Links: Binden, Faden, Kleidung, Mutter, große Netz, Spindel, Spinne

Definition: Unter der Tätigkeit des Spinnens versteht man die ein Spinngewebe erzeugende Tätigkeit der Spinne wie auch die handwerkliche Tätigkeit, mit der aus Fasern ein Faden zusammengedreht wird.

Information: Die Tätigkeit des Spinnens wird einerseits mit dem Fäden spinnenden und Netze bauenden Tier der Spinne in Verbindung gebracht, andererseits den großen Muttergottheiten zugeordnet, die als Schicksalsgöttinnen (Parzen, Moiren, Nornen) den Lebens- und Schicksalsfaden spinnen, diesen verknüpfen, verweben (Kreuzen der Fäden galt als Symbol der geschlechtlichen Vereinigung) oder auch wieder abschneiden können. Häufig wurden diese in einer Dreiheit dargestellt: Während zwei der Nornen das Leben spinnen, reißt die Dritte den Lebensfaden ab. Die Dreiheit kann somit Anfang, Mitte, Ende, Geburt, Leben, Tod, oder Vergangenheit, Gegenwart und Zukunft bedeuten, aber auch in Zusammenhang mit den 3 Hauptphasen des Mondes gesehen werden.

Interpretation: Spinnen als Symbol, was zu den Urmysterien des Großen Mütterlich / Weiblichen gehört, beinhaltet einerseits die Aspekte des Lebenspenden, Empfangen und Gebären, andererseits Aspekte, die in Zusammenhang stehen mit dem über das Leben und Schicksal Entscheidens, also auch Leben beenden und Leben Nehmende.

Bachofen verglich Spinnen und Weben mit der Arbeit der großen stofflichen Urmütter, die dem rohen Stoff Gliederung, symmetrische Form und Feinheit verleihen.
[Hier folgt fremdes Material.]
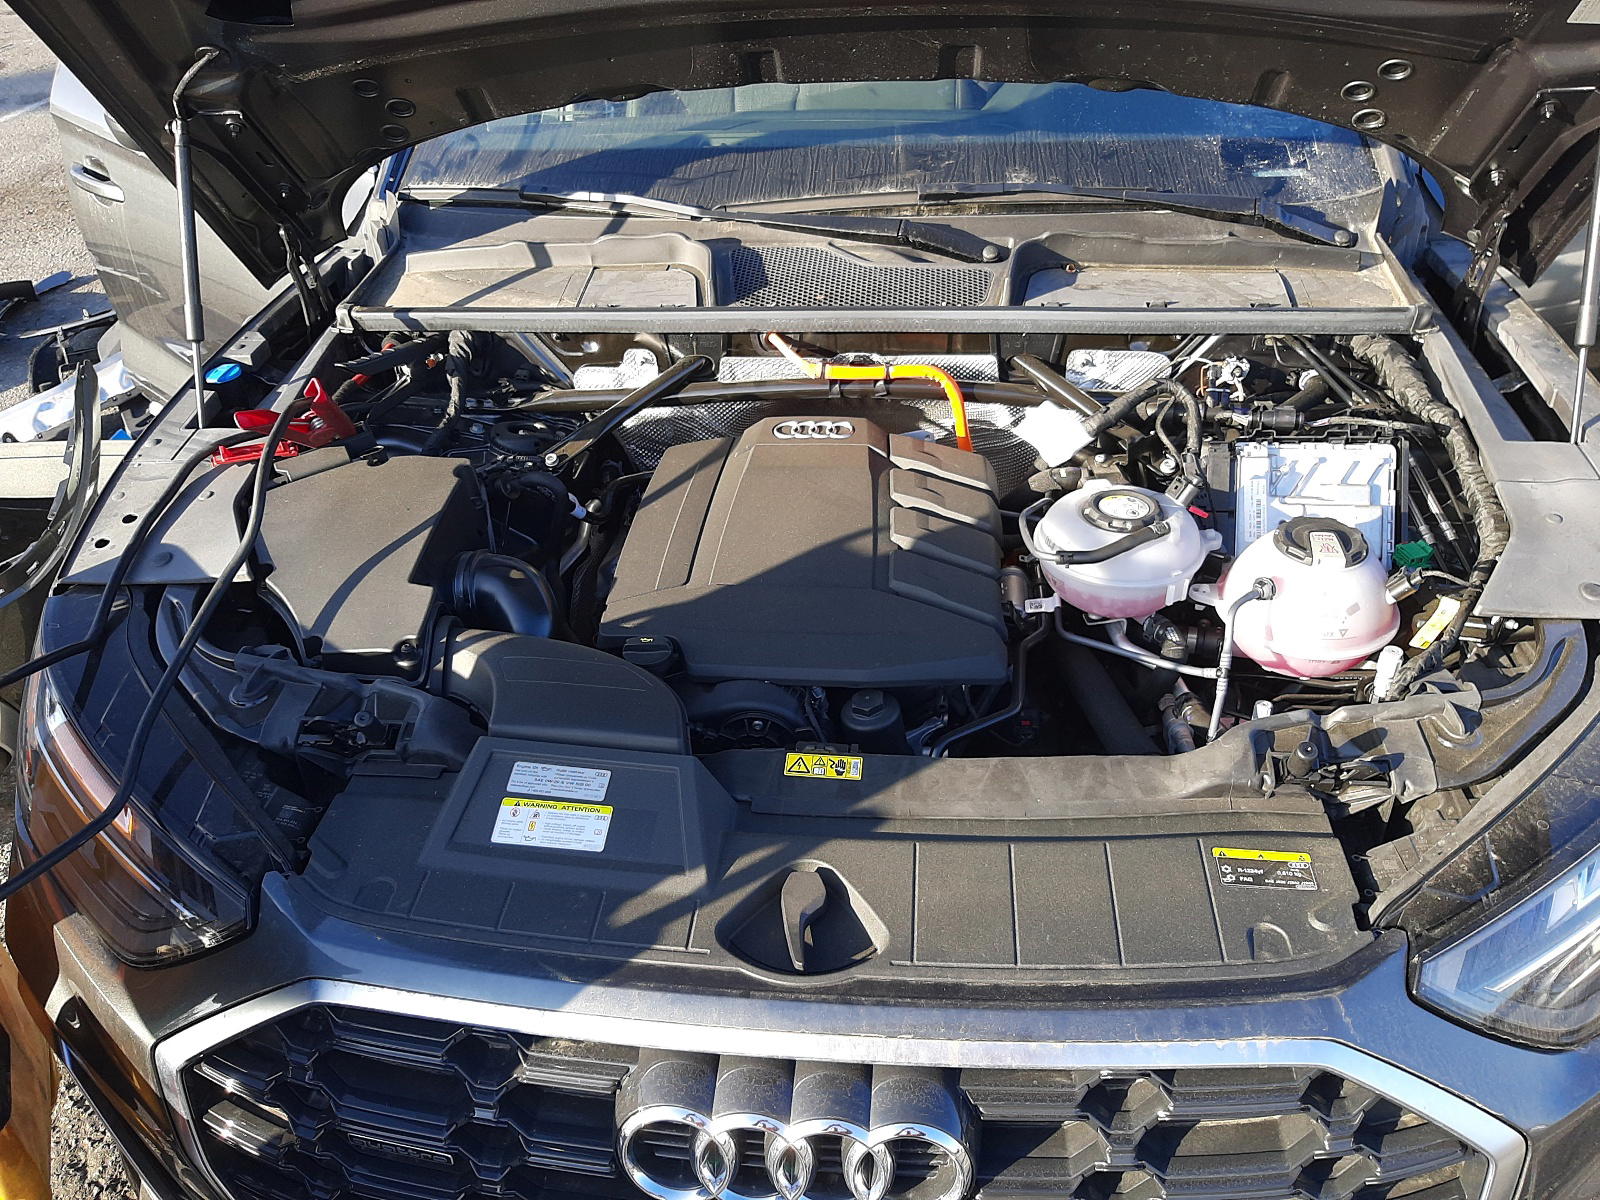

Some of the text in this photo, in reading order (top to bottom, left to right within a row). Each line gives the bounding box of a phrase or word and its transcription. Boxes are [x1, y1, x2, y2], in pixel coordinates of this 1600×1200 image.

[523, 801, 601, 813] WARNING ATTENTION
[351, 1137, 447, 1162] quattro
Spinnen und Weben kann auch als kunstvolles urweibliches Tun verstanden werden, durch das Rohmaterial in eine differenziertere Struktur gebracht wird. Die gleichmäßige Tätigkeit der Hände und das eintönige Surren des Rädchens scheint die Fantasietätigkeit anzuregen, daher wurden im Winter in den Spinnstuben Geschichten „gesponnen“. Das Spinnen wurde zu einem öfters auftauchenden Symbol in Märchen, das ins magische Reich führte. Im Grimmschen Märchen „Frau Holle“ wird die Heldin gerade durch die Spindel in den Brunnen hinunter gezogen und kommt so in Frau Holles Reich, der Frau Hulda oder Urmutter Frigg der germanischen Mythologie, die wie fast alle großen Naturmütter Spinnerinnen sind. Die griech. Schicksalsgöttinnen, die Moiren hießen bei Homer auch Klothes, die Spinnerinnen, ebenso ist die ägäische Geburtsgöttin Eileithya eine Spinnerin.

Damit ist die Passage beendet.